To my understanding, there are higher-kinded types in Rust, at least the basics. Using the "*"-notation, a HKT does have a kind of e.g. * -> *
.
For example, Maybe
is of kind * -> *
and could be implemented like this in Haskell.
data Maybe a = Just a | Nothing
Here,
Maybe
is a type constructor and needs to be applied to a concrete type
to become a concrete type of kind "*".
Just a
and Nothing
are data constructors.
In textbooks about Haskell, this is often used as an example for a higher-kinded type. However, in Rust it can simply be implemented as an enum, which after all is a sum type:
enum Maybe<T> {
Just(T),
Nothing,
}
Where is the difference? To my understanding this is a
perfectly fine example of a higher-kinded type.
- If in Haskell this is used as a textbook example of HKTs, why is it
said that Rust doesn't have HKT? Doesn't the
Maybe
enum qualify as a
HKT?
- Should it rather be said that Rust doesn't fully support HKT?
- What's the fundamental difference between HKT and parametric polymorphism?
This confusion continues when looking at functions, I can write a parametric
function that takes a Maybe
, and to my understanding a HKT as a function
argument.
fn do_something<T>(input: Maybe<T>) {
// implementation
}
again, in Haskell that would be something like
do_something :: Maybe a -> ()
do_something :: Maybe a -> ()
do_something _ = ()
which leads to the fourth question.
- Where exactly does the support for higher-kinded types end?
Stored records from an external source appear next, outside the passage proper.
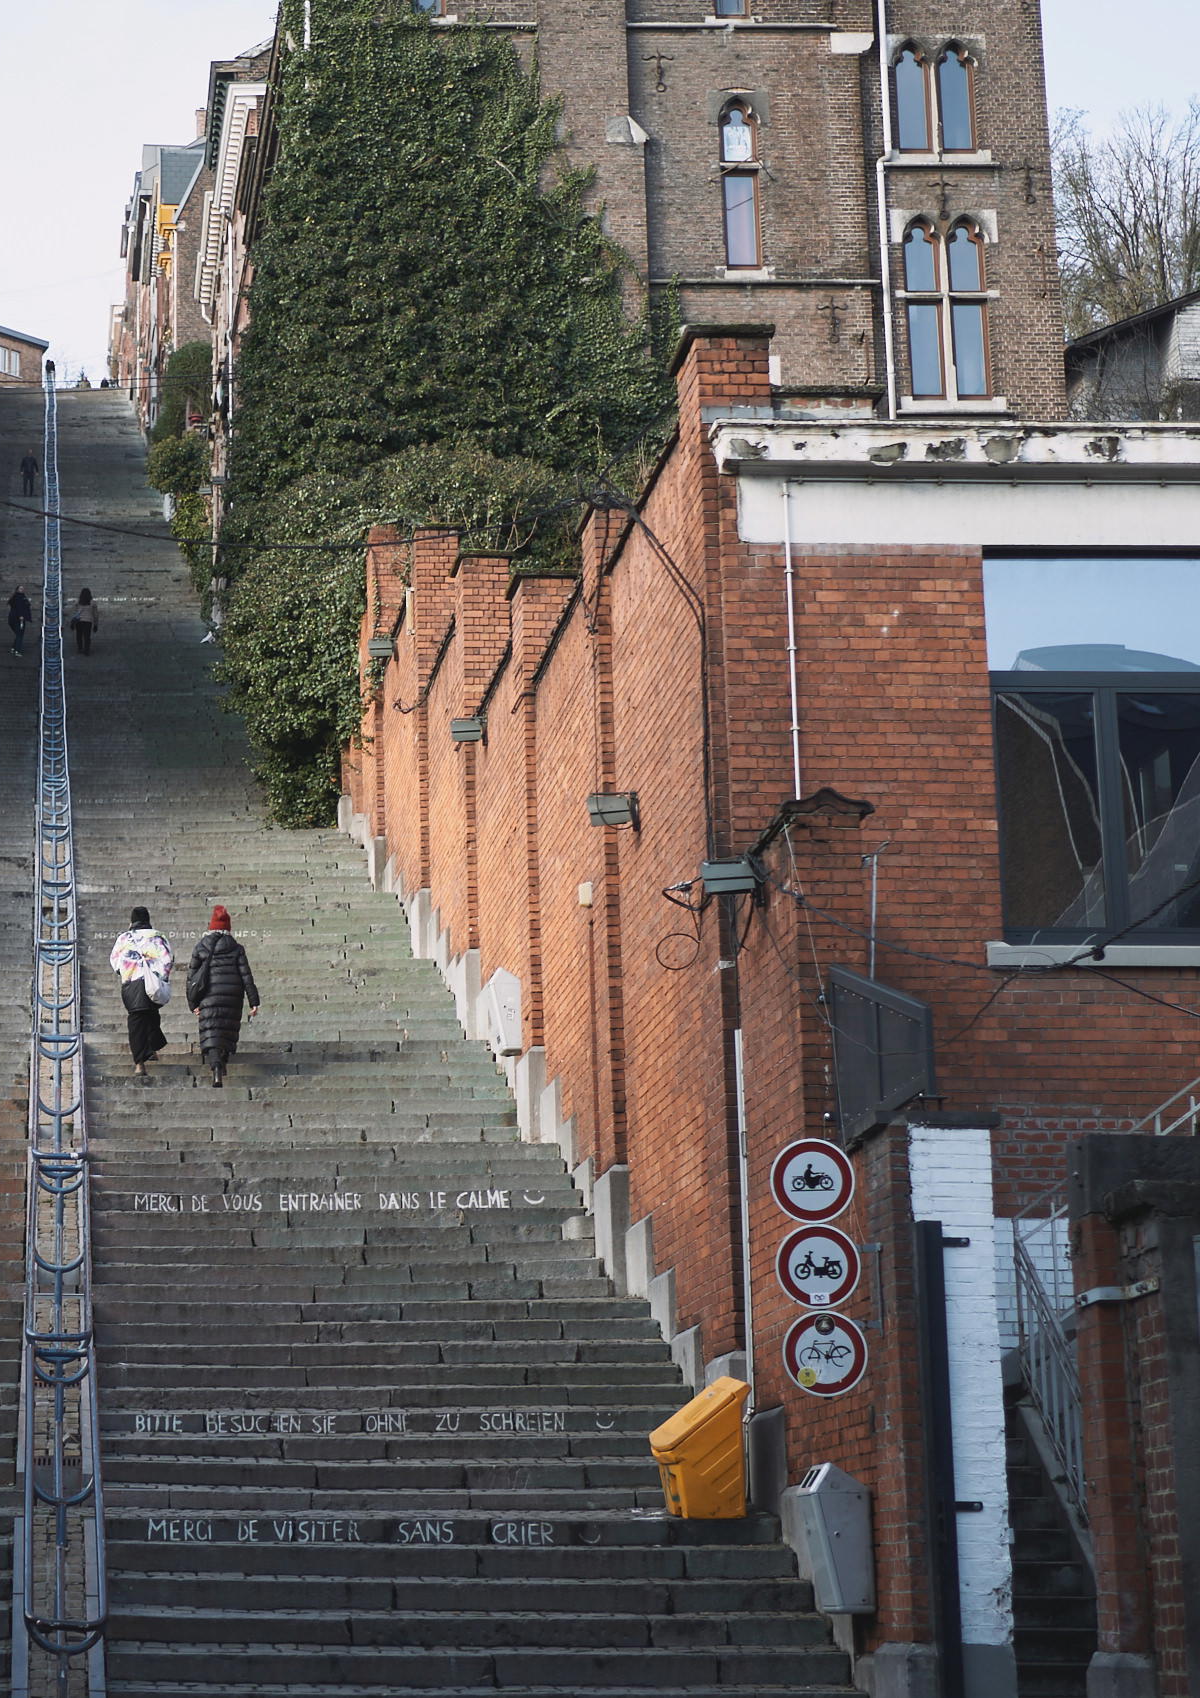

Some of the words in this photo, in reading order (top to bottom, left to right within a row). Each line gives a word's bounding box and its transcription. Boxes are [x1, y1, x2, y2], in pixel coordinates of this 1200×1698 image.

[191, 1195, 210, 1212] DE
[222, 1194, 263, 1212] VOUS
[378, 1192, 420, 1210] DANS
[430, 1192, 447, 1209] LE
[456, 1189, 511, 1209] CALME
[435, 1413, 460, 1432] ZU
[237, 1519, 260, 1542] DE
[397, 1520, 455, 1544] SANS
Whats the
minimal example to make Rust's type system fail to express HKT?
Related Questions:
I went through a lot of questions related to the topic (including links they have to blogposts, etc.) but I could not find an answer to my main questions (1 and 2).
- In Haskell, are "higher-kinded types" *really* types? Or do they merely denote collections of *concrete* types and nothing more?
- Generic struct over a generic type without type parameter
- Higher Kinded Types in Scala
- What types of problems helps "higher-kinded polymorphism" solve better?
- Abstract Data Types vs. Parametric Polymorphism in Haskell
Update
Thank you for the many good answers which are all very detailed and helped a lot. I decided to accept Andreas Rossberg's answer since his explanation helped me the most to get on the right track. Especially the part about terminology.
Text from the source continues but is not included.